Exercise instructions: Please reproduce all of the data exactly as it appears, but skip the pictures.

Images for object localization:
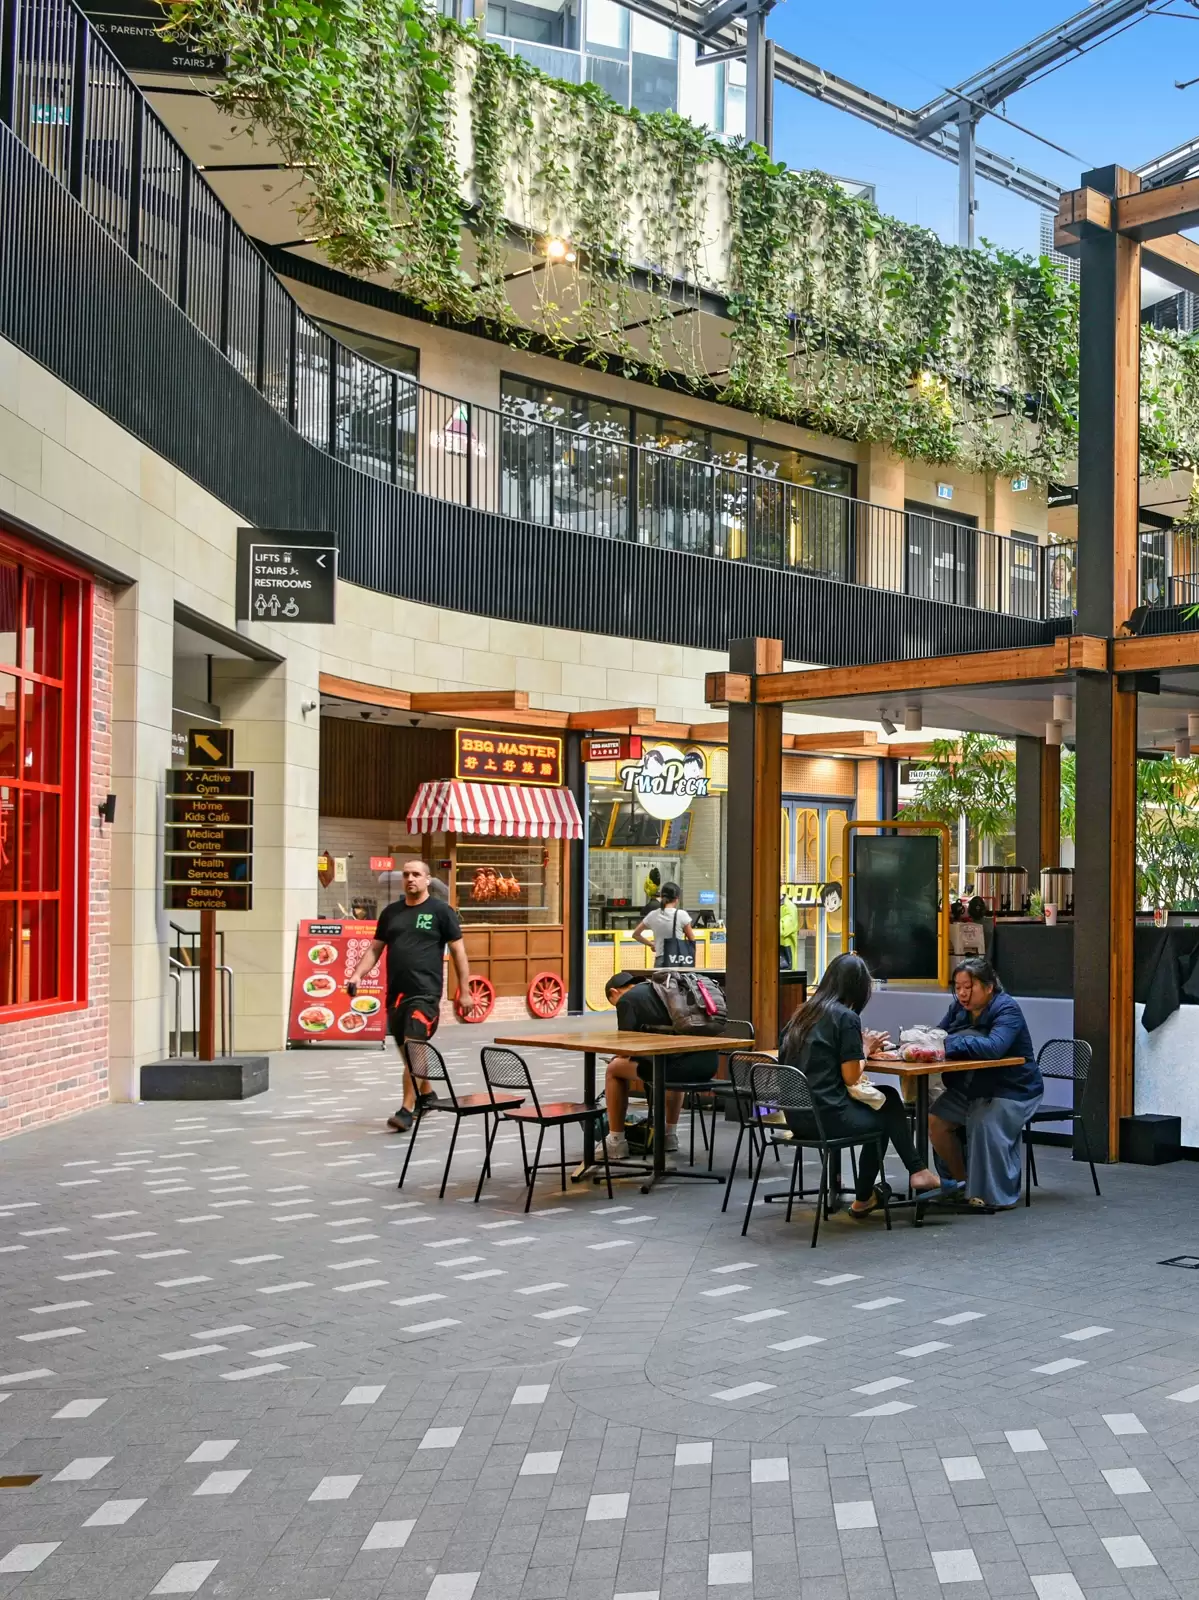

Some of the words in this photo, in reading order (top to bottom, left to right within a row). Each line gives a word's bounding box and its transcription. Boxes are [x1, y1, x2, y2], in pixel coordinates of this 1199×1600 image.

[110, 25, 155, 37] PARENTS
[172, 56, 205, 68] STAIRS
[255, 553, 280, 562] LIFTS
[255, 566, 288, 575] STAIRS
[254, 578, 312, 589] RESTROOMS
[461, 739, 494, 753] BBQ
[497, 742, 556, 758] MASTER
[185, 773, 193, 782] X
[201, 773, 231, 782] Active
[196, 784, 220, 795] Gym
[192, 802, 223, 811] Ho'me
[185, 812, 205, 821] Kids
[207, 812, 230, 822] Café
[186, 829, 224, 839] Medical
[188, 840, 221, 850] Centre
[192, 858, 224, 868] Health
[187, 869, 229, 879] Services
[190, 888, 223, 898] Beauty
[187, 898, 227, 908] Services

Result of this task:
Some of the words in this photo, in reading order (top to bottom, left to right within a row). Each line gives a word's bounding box and its transcription. Boxes are [x1, y1, x2, y2], in pixel coordinates of this 1199×1600 image.

[110, 25, 155, 37] PARENTS
[172, 56, 205, 68] STAIRS
[255, 553, 280, 562] LIFTS
[255, 566, 288, 575] STAIRS
[254, 578, 312, 589] RESTROOMS
[461, 739, 494, 753] BBQ
[497, 742, 556, 758] MASTER
[185, 773, 193, 782] X
[201, 773, 231, 782] Active
[196, 784, 220, 795] Gym
[192, 802, 223, 811] Ho'me
[185, 812, 205, 821] Kids
[207, 812, 230, 822] Café
[186, 829, 224, 839] Medical
[188, 840, 221, 850] Centre
[192, 858, 224, 868] Health
[187, 869, 229, 879] Services
[190, 888, 223, 898] Beauty
[187, 898, 227, 908] Services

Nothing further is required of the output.